O advogado Ruslan Stuchi, do Stuchi Advogados, lembra que a dona de casa que deixou um emprego com carteira assinada pode realizar contribuições previdenciárias na condição de segurada facultativa. “Nesse caso, todo o período de vínculo empregatício será considerado no tempo de contribuição. A mulher poderá, assim, se aposentar e receber mensalmente um salário mínimo, com direito ao 13º”.
Benefício assistencial
As donas de casa que nunca contribuíram com o INSS não têm direito à aposentadoria, mas podem ter acesso ao Benefício de Prestação Continuada (BPC). “As que nunca contribuíram com a Previdência podem ter direito ao BPC e à pensão por morte. Contudo, é essencial fazer uma análise individual. Na maioria dos casos, vale a pena realizar contribuições ao INSS para garantir a aposentadoria”, orienta a advogada Fabiana Cagnoto.
O BPC é destinado a idosos e pessoas com deficiência de baixa renda, conforme a Lei Federal 8.742/93. Para ter direito, é necessário comprovar renda per capita inferior a um quarto do salário mínimo.
“Hoje, para acessar esse benefício, a dona de casa precisa ter pelo menos 65 anos e comprovar estado de miserabilidade, ou seja, demonstrar que não consegue custear o básico para sua sobrevivência”, alerta o professor da UFPR, Marco Aurélio Serau Junior.
Contribuições
Os especialistas explicam que existem três opções para a dona de casa que deseja contribuir como segurada facultativa:
• Alíquota de 5% sobre o salário mínimo: destinada às donas de casa de baixa renda que se dedicam exclusivamente ao trabalho doméstico em sua própria residência e cujas famílias estejam inscritas no Cadastro Único para Programas Sociais do governo federal (CadÚnico), com renda familiar mensal de até dois salários mínimos.
• Alíquota de 11%: pelo Plano Simplificado de Previdência Social.

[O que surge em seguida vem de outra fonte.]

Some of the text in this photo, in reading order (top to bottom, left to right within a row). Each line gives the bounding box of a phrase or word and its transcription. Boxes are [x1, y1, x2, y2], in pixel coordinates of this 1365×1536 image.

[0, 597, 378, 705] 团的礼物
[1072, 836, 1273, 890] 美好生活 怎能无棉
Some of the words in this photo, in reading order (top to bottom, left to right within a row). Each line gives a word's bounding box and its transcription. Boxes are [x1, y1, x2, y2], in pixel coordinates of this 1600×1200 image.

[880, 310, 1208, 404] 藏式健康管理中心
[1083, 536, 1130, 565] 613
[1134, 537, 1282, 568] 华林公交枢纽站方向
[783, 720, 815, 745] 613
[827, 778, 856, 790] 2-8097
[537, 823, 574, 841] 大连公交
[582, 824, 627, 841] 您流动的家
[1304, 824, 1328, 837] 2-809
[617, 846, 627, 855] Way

Nesse modelo, a contribuição é calculada sobre o salário mínimo, e os benefícios também são limitados a esse valor. “Essa é uma opção para quem não se enquadra como baixa renda, mas deseja garantir os benefícios do INSS”, explica o advogado Ruslan Stuchi.
• Alíquota de 20%: voltada para donas de casa que desejam se aposentar com valor acima do salário mínimo. Nesse caso, a contribuição é calculada sobre um salário que pode variar entre o valor mínimo e o teto previdenciário.

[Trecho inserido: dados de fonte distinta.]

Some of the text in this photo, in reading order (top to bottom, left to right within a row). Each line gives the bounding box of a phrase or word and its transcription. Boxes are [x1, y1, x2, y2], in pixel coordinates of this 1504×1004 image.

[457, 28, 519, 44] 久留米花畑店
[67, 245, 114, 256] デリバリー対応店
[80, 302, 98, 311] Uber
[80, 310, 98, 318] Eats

De acordo com Stuchi, a forma de contribuição determina o tipo e o valor da aposentadoria. “Se a mulher contribuiu sempre com alíquota de 5% (baixa renda), só poderá se aposentar por idade. Já com 11%, pode ser por idade ou por tempo de contribuição, sempre limitada ao salário mínimo. E, com 20%, o valor da aposentadoria depende do cálculo do tempo de contribuição e da média salarial, podendo chegar ao teto do INSS”.
Dificuldade ao buscar o benefício
Além do desconhecimento sobre seus direitos, muitas donas de casa enfrentam dificuldades ao buscar os benefícios previdenciários no próprio INSS.

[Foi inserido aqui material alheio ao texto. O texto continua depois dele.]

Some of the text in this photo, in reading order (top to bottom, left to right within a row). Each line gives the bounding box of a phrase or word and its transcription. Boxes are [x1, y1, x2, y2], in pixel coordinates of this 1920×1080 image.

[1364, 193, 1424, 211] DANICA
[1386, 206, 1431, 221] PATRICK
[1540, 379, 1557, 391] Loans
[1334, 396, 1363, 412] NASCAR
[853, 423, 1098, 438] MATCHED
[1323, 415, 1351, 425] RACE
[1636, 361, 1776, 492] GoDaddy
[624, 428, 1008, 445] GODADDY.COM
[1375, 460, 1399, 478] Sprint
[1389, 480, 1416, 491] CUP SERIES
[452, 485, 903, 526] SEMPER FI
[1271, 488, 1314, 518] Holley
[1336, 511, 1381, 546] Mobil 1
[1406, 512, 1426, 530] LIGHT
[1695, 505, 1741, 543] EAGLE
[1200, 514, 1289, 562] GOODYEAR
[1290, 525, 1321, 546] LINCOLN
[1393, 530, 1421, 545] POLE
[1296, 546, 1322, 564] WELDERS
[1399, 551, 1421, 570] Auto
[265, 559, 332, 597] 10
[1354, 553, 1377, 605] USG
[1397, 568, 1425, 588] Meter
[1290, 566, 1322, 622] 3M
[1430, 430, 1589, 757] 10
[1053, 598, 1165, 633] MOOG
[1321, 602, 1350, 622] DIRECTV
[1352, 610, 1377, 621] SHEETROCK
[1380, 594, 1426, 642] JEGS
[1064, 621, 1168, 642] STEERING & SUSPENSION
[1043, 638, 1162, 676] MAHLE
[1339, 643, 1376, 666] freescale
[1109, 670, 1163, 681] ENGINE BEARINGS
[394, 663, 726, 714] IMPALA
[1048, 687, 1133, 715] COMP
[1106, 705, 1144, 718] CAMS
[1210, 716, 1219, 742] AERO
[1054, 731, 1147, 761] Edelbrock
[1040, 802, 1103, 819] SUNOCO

“Os obstáculos mais comuns envolvem a comprovação da qualidade de segurada e do tempo de contribuição, principalmente quando as contribuições são antigas e os empregadores não fizeram o recolhimento. Nesse caso, é preciso comparecer a uma agência do INSS e solicitar o extrato do CNIS, que contém todas as informações sobre os vínculos e recolhimentos previdenciários”, explica o professor Marco Aurélio Serau Junior.
O advogado Thiago Luchin acrescenta que muitas mulheres não recebem orientação adequada sobre como contribuir, o que leva a negativas nos pedidos de aposentadoria.
“Muitas desistem de correr atrás de seus direitos por não saberem como funciona ou por causa das longas filas nas agências após a reforma da Previdência. A desinformação e o desânimo diante da burocracia acabam afastando essas mulheres de um direito legítimo”.